It does sound like your parents have bought into her behaviour being unavoidable, but that is not the case, the vast majority of what you have said with regard to her behaviour could have been nipped in the bud by your parents had they been given the correct help from early on.
Have you thought about going and seeing her gp yourself, they obviously won't divulge any info about her to you but I suspect that your parents haven't told the gp about all of the problems they are having with your sister.
At the end of the day, your parents are the victims of domestic violence, this may seem like a strange thing for me to say but it was what I was told by the police when we had problems with my step son. 
As you say, your parents need help and soon. 
I can understand how frustrated you must be with them letting this get to this stage, have they thought about who will look after your sister when they aren't around anymore...
I really hope that you manage to sort something out to help, your sister can't really be happy with her situation either.
This is a link to a forum I am on (my 2 yr old is being assessed for autism) I have found it really very helpful and supportive.
https://www.asd-forum.org.uk
Good luck


----------



## Dragonfly

Thanks oldmummy. They have told me to keep my nose out of it and are currantly not speaking to me. Not speaking to me as I can hardly get a word out of my dad on the phone anymore and things have went pear shaped. I think its either whats going on down there or they dont like me. They seem to have no time for me or my son at all and will sat that to me. Sis has them run off their feet. She has a speech therpist but no child psychologist, this is what I have been telling my parenst to get for years but it hasnt been done yet. You cant say a bad word about my sister near my mum or she would eat you alive. Anyone can say what they like about me she would join in but not my sister. Not even I am allowed to say she is badly behaved, I am accused of picking on her autism if I say she isnt an angel! Maybe my mum likes being slapped by her as i am shocked she takes it, if I had of done that i would have been flattened by her! my mum even slapped the shite out of me when I was a teen for being rude to her once. Now she just lets my sis slap her and does nothing. When asking why dosnt she tell her off I got the answer " what good would that do its her autism". So they think there is no point on disaplin , she is allowed to be this way. 

its sad as I have no say. And I will be left witrh her and my lay about dole brother to who at 31 cant feed himself or pay for anything. He dosnt get hassel either for doing notihng but giving my mum abuse. Perhaps pushing me out of the house at 17 was good for me as I didnt get anything them two get down there now.
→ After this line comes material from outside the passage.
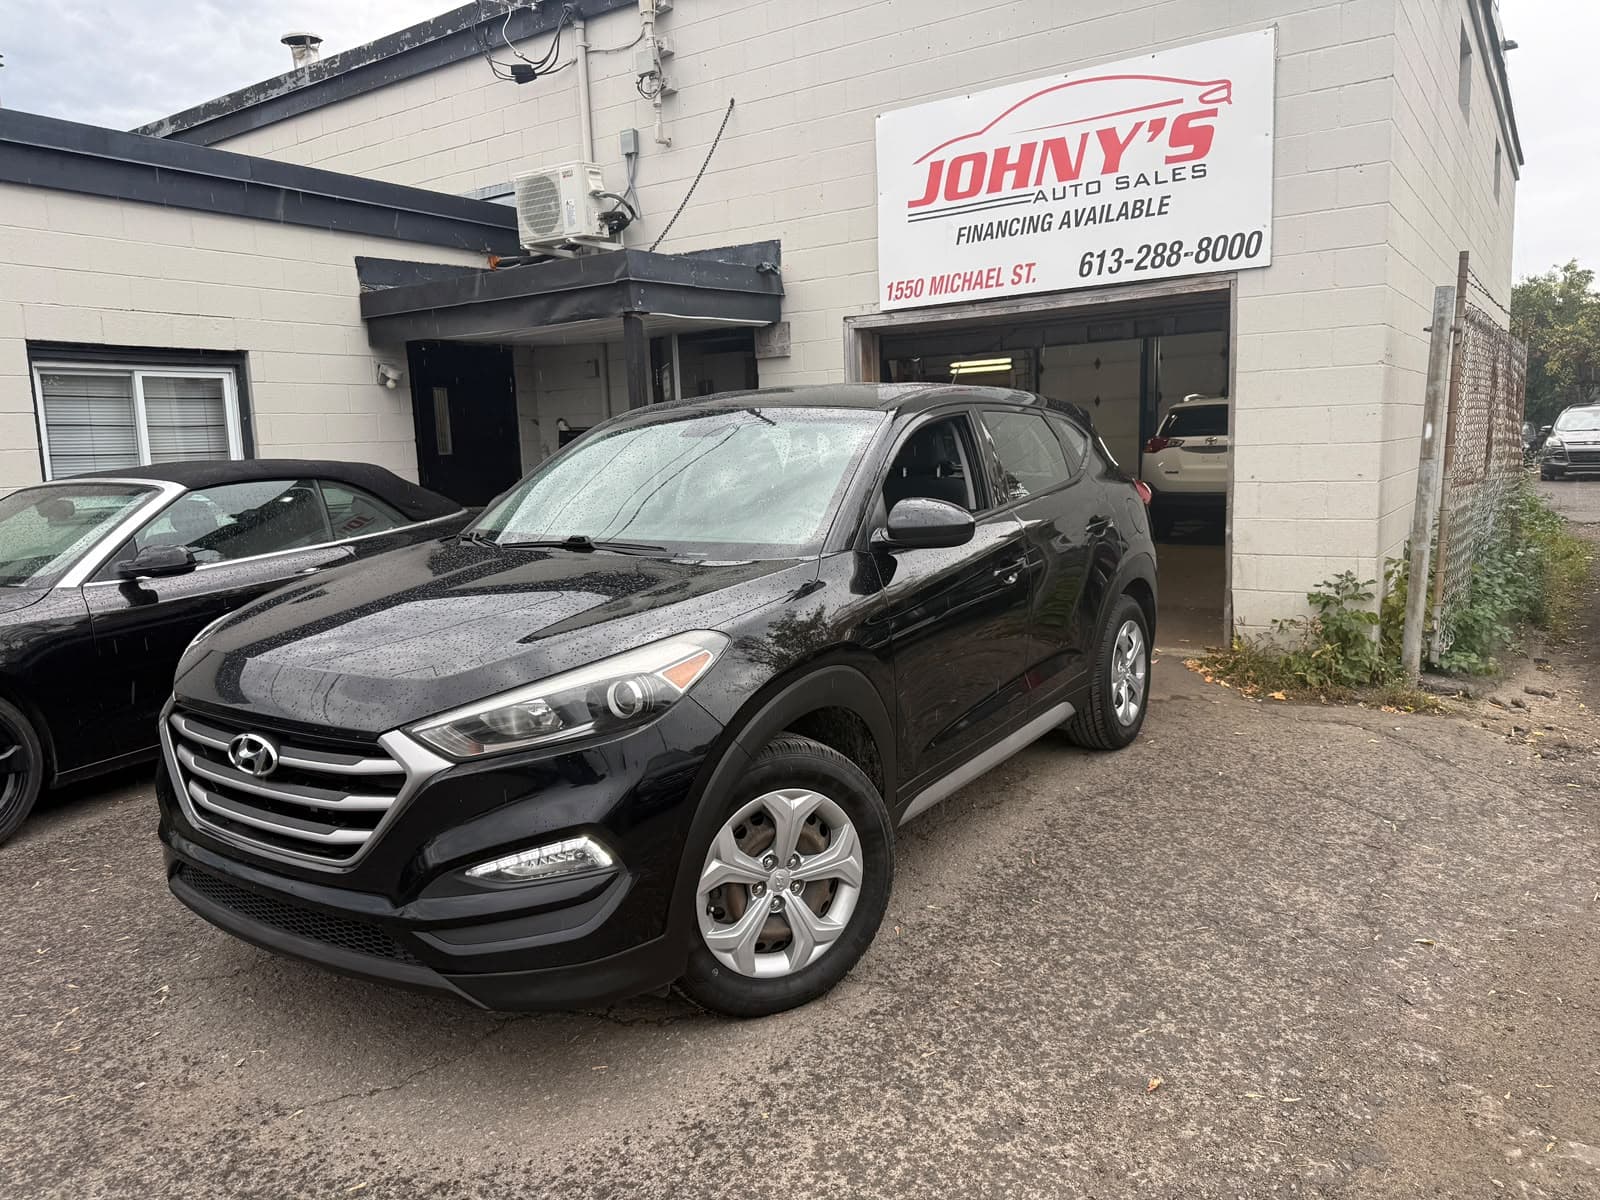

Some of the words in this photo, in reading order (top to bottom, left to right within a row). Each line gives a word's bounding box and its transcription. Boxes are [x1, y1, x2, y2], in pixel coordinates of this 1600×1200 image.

I just get told no one has any time for me and treated like I always want stuff when I dont all I wanted was for them to look at their grandchilds pics I pay for them. 

oh well. :( sod them now, probbaly will call up next week and pick on the interior of my hosue while my sister lingers weirdly by the door getting jealous of my mum lookiong at my son while the air is so tence you could cut it like a knife. Lucky them visits last 5 minutes.


----------



## Cocobelle

Hi, I am sorry I am so late to this post but I have only just seen it and just had to reply to try and offer some help as I went through this (and worse) with my son two years ago so I know exactly what your parents are going through.

It was the worse time of my life and I just could not understand how my sweet natured little lad could turn into this unhappy, angry and violent teenager and once the school decided they could no longer cope, it got a whole lot worse as we could not find anyone who could cope with him and he was at home, smashing everything (even our light bulbs) if he could not get his own way. Our son was not over spoilt, we tried very hard to set boundaries but it made no difference. 

Once he was at home all day he was obviously bored silly but he seemed to hate going out and in the car if he sat in the back seat he would pull my hair, yank on my car seat or punch the windows, if he was in the front seat he would pull at my gear stick or hand break. He was never violent to us on purpose but sometimes when he was in a rage he would throw big heavy things or do stuff that could have caused serious harm if you were in the way. Luckily he never self harmed either. 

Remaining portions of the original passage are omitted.